-- Working data follows --

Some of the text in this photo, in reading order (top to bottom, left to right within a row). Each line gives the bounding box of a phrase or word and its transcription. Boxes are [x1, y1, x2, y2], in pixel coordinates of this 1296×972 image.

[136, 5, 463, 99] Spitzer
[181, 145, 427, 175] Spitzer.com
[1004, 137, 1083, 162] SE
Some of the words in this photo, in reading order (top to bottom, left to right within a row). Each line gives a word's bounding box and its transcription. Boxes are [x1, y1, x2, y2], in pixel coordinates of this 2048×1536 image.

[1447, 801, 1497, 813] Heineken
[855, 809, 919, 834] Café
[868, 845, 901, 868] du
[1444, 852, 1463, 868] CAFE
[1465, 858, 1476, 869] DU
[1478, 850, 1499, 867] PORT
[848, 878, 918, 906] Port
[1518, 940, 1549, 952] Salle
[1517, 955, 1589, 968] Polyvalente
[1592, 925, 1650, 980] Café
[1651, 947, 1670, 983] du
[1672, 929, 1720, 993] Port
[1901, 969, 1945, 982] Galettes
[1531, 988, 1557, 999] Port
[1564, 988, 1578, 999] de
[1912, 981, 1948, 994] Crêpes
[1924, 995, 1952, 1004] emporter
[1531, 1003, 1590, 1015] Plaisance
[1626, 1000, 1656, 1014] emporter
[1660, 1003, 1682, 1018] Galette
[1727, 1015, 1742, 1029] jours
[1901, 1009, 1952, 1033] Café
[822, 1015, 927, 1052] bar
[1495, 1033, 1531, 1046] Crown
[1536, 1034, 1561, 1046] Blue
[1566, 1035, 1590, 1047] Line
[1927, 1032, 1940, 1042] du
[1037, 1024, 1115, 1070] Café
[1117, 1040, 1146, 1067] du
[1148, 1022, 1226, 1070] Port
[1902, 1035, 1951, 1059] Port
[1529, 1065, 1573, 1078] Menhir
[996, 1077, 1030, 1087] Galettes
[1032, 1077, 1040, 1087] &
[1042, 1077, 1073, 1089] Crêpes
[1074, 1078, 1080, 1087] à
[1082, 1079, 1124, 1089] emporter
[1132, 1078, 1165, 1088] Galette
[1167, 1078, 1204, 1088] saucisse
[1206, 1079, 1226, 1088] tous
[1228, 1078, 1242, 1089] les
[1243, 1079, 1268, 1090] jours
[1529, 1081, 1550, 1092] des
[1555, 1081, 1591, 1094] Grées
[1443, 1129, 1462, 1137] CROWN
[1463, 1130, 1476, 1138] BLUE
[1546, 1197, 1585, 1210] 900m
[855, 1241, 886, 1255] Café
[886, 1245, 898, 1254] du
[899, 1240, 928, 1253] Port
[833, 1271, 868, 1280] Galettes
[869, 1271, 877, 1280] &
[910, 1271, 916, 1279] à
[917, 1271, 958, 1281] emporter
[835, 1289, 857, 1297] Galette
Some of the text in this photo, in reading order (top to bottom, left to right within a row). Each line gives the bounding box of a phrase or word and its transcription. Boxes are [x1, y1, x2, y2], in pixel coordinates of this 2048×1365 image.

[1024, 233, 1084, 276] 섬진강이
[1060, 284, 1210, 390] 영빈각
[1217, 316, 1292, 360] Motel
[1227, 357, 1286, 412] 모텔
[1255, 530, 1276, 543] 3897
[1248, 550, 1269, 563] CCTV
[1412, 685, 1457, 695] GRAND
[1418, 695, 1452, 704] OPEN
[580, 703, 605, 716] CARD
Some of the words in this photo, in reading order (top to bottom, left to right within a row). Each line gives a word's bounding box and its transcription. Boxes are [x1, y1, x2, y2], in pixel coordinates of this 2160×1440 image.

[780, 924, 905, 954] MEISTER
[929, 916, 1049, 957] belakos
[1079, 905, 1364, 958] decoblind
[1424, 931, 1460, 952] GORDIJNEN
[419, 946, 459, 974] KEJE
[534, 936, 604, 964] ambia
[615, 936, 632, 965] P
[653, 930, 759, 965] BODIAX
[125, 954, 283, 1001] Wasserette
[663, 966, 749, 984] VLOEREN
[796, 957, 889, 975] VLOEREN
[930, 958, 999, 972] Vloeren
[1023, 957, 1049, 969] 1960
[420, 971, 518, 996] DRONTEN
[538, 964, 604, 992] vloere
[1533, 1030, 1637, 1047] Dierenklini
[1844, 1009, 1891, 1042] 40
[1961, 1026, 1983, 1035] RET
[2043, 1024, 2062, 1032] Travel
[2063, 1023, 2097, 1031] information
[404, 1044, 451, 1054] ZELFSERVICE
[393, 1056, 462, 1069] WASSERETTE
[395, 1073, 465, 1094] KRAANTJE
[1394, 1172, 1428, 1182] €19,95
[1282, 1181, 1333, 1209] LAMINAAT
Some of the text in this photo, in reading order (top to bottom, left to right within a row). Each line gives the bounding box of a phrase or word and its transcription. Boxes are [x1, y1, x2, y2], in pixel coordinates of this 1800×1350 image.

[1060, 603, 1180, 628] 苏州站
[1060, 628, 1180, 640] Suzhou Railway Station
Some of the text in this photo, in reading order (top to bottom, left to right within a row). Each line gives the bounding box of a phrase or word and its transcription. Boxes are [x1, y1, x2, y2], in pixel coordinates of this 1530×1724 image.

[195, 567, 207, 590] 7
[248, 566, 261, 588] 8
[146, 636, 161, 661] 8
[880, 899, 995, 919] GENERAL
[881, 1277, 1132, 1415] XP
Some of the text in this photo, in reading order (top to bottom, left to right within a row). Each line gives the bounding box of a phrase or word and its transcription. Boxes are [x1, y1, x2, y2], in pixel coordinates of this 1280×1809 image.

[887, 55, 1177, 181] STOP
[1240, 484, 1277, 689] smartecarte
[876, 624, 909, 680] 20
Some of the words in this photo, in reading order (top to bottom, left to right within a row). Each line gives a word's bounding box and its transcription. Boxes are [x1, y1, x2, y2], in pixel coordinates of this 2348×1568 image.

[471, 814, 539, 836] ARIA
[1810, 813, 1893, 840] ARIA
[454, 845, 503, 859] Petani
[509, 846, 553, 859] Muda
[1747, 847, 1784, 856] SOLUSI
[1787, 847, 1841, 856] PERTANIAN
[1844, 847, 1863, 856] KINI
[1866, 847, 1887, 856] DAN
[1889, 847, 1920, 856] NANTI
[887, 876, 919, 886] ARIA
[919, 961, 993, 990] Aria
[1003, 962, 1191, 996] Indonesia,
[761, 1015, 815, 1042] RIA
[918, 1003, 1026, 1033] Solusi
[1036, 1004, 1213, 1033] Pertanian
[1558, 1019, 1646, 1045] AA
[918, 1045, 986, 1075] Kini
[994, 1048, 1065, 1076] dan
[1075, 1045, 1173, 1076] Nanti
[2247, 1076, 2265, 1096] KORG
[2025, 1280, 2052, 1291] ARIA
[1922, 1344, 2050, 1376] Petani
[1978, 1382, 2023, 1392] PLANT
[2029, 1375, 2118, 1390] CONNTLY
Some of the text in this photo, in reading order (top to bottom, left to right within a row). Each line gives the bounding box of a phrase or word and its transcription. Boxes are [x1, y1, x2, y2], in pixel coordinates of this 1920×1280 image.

-- Working data concluded --

• [Action item]:
A complete, exact copy of the material is the expected answer.

• [Result of this task]:
Some of the text in this photo, in reading order (top to bottom, left to right within a row). Each line gives the bounding box of a phrase or word and its transcription. Boxes are [x1, y1, x2, y2], in pixel coordinates of this 1296×972 image.

[136, 5, 463, 99] Spitzer
[181, 145, 427, 175] Spitzer.com
[1004, 137, 1083, 162] SE
Some of the words in this photo, in reading order (top to bottom, left to right within a row). Each line gives a word's bounding box and its transcription. Boxes are [x1, y1, x2, y2], in pixel coordinates of this 2048×1536 image.

[1447, 801, 1497, 813] Heineken
[855, 809, 919, 834] Café
[868, 845, 901, 868] du
[1444, 852, 1463, 868] CAFE
[1465, 858, 1476, 869] DU
[1478, 850, 1499, 867] PORT
[848, 878, 918, 906] Port
[1518, 940, 1549, 952] Salle
[1517, 955, 1589, 968] Polyvalente
[1592, 925, 1650, 980] Café
[1651, 947, 1670, 983] du
[1672, 929, 1720, 993] Port
[1901, 969, 1945, 982] Galettes
[1531, 988, 1557, 999] Port
[1564, 988, 1578, 999] de
[1912, 981, 1948, 994] Crêpes
[1924, 995, 1952, 1004] emporter
[1531, 1003, 1590, 1015] Plaisance
[1626, 1000, 1656, 1014] emporter
[1660, 1003, 1682, 1018] Galette
[1727, 1015, 1742, 1029] jours
[1901, 1009, 1952, 1033] Café
[822, 1015, 927, 1052] bar
[1495, 1033, 1531, 1046] Crown
[1536, 1034, 1561, 1046] Blue
[1566, 1035, 1590, 1047] Line
[1927, 1032, 1940, 1042] du
[1037, 1024, 1115, 1070] Café
[1117, 1040, 1146, 1067] du
[1148, 1022, 1226, 1070] Port
[1902, 1035, 1951, 1059] Port
[1529, 1065, 1573, 1078] Menhir
[996, 1077, 1030, 1087] Galettes
[1032, 1077, 1040, 1087] &
[1042, 1077, 1073, 1089] Crêpes
[1074, 1078, 1080, 1087] à
[1082, 1079, 1124, 1089] emporter
[1132, 1078, 1165, 1088] Galette
[1167, 1078, 1204, 1088] saucisse
[1206, 1079, 1226, 1088] tous
[1228, 1078, 1242, 1089] les
[1243, 1079, 1268, 1090] jours
[1529, 1081, 1550, 1092] des
[1555, 1081, 1591, 1094] Grées
[1443, 1129, 1462, 1137] CROWN
[1463, 1130, 1476, 1138] BLUE
[1546, 1197, 1585, 1210] 900m
[855, 1241, 886, 1255] Café
[886, 1245, 898, 1254] du
[899, 1240, 928, 1253] Port
[833, 1271, 868, 1280] Galettes
[869, 1271, 877, 1280] &
[910, 1271, 916, 1279] à
[917, 1271, 958, 1281] emporter
[835, 1289, 857, 1297] Galette
Some of the text in this photo, in reading order (top to bottom, left to right within a row). Each line gives the bounding box of a phrase or word and its transcription. Boxes are [x1, y1, x2, y2], in pixel coordinates of this 2048×1365 image.

[1024, 233, 1084, 276] 섬진강이
[1060, 284, 1210, 390] 영빈각
[1217, 316, 1292, 360] Motel
[1227, 357, 1286, 412] 모텔
[1255, 530, 1276, 543] 3897
[1248, 550, 1269, 563] CCTV
[1412, 685, 1457, 695] GRAND
[1418, 695, 1452, 704] OPEN
[580, 703, 605, 716] CARD
Some of the words in this photo, in reading order (top to bottom, left to right within a row). Each line gives a word's bounding box and its transcription. Boxes are [x1, y1, x2, y2], in pixel coordinates of this 2160×1440 image.

[780, 924, 905, 954] MEISTER
[929, 916, 1049, 957] belakos
[1079, 905, 1364, 958] decoblind
[1424, 931, 1460, 952] GORDIJNEN
[419, 946, 459, 974] KEJE
[534, 936, 604, 964] ambia
[615, 936, 632, 965] P
[653, 930, 759, 965] BODIAX
[125, 954, 283, 1001] Wasserette
[663, 966, 749, 984] VLOEREN
[796, 957, 889, 975] VLOEREN
[930, 958, 999, 972] Vloeren
[1023, 957, 1049, 969] 1960
[420, 971, 518, 996] DRONTEN
[538, 964, 604, 992] vloere
[1533, 1030, 1637, 1047] Dierenklini
[1844, 1009, 1891, 1042] 40
[1961, 1026, 1983, 1035] RET
[2043, 1024, 2062, 1032] Travel
[2063, 1023, 2097, 1031] information
[404, 1044, 451, 1054] ZELFSERVICE
[393, 1056, 462, 1069] WASSERETTE
[395, 1073, 465, 1094] KRAANTJE
[1394, 1172, 1428, 1182] €19,95
[1282, 1181, 1333, 1209] LAMINAAT
Some of the text in this photo, in reading order (top to bottom, left to right within a row). Each line gives the bounding box of a phrase or word and its transcription. Boxes are [x1, y1, x2, y2], in pixel coordinates of this 1800×1350 image.

[1060, 603, 1180, 628] 苏州站
[1060, 628, 1180, 640] Suzhou Railway Station
Some of the text in this photo, in reading order (top to bottom, left to right within a row). Each line gives the bounding box of a phrase or word and its transcription. Boxes are [x1, y1, x2, y2], in pixel coordinates of this 1530×1724 image.

[195, 567, 207, 590] 7
[248, 566, 261, 588] 8
[146, 636, 161, 661] 8
[880, 899, 995, 919] GENERAL
[881, 1277, 1132, 1415] XP
Some of the text in this photo, in reading order (top to bottom, left to right within a row). Each line gives the bounding box of a phrase or word and its transcription. Boxes are [x1, y1, x2, y2], in pixel coordinates of this 1280×1809 image.

[887, 55, 1177, 181] STOP
[1240, 484, 1277, 689] smartecarte
[876, 624, 909, 680] 20
Some of the words in this photo, in reading order (top to bottom, left to right within a row). Each line gives a word's bounding box and its transcription. Boxes are [x1, y1, x2, y2], in pixel coordinates of this 2348×1568 image.

[471, 814, 539, 836] ARIA
[1810, 813, 1893, 840] ARIA
[454, 845, 503, 859] Petani
[509, 846, 553, 859] Muda
[1747, 847, 1784, 856] SOLUSI
[1787, 847, 1841, 856] PERTANIAN
[1844, 847, 1863, 856] KINI
[1866, 847, 1887, 856] DAN
[1889, 847, 1920, 856] NANTI
[887, 876, 919, 886] ARIA
[919, 961, 993, 990] Aria
[1003, 962, 1191, 996] Indonesia,
[761, 1015, 815, 1042] RIA
[918, 1003, 1026, 1033] Solusi
[1036, 1004, 1213, 1033] Pertanian
[1558, 1019, 1646, 1045] AA
[918, 1045, 986, 1075] Kini
[994, 1048, 1065, 1076] dan
[1075, 1045, 1173, 1076] Nanti
[2247, 1076, 2265, 1096] KORG
[2025, 1280, 2052, 1291] ARIA
[1922, 1344, 2050, 1376] Petani
[1978, 1382, 2023, 1392] PLANT
[2029, 1375, 2118, 1390] CONNTLY
Some of the text in this photo, in reading order (top to bottom, left to right within a row). Each line gives the bounding box of a phrase or word and its transcription. Boxes are [x1, y1, x2, y2], in pixel coordinates of this 1920×1280 image.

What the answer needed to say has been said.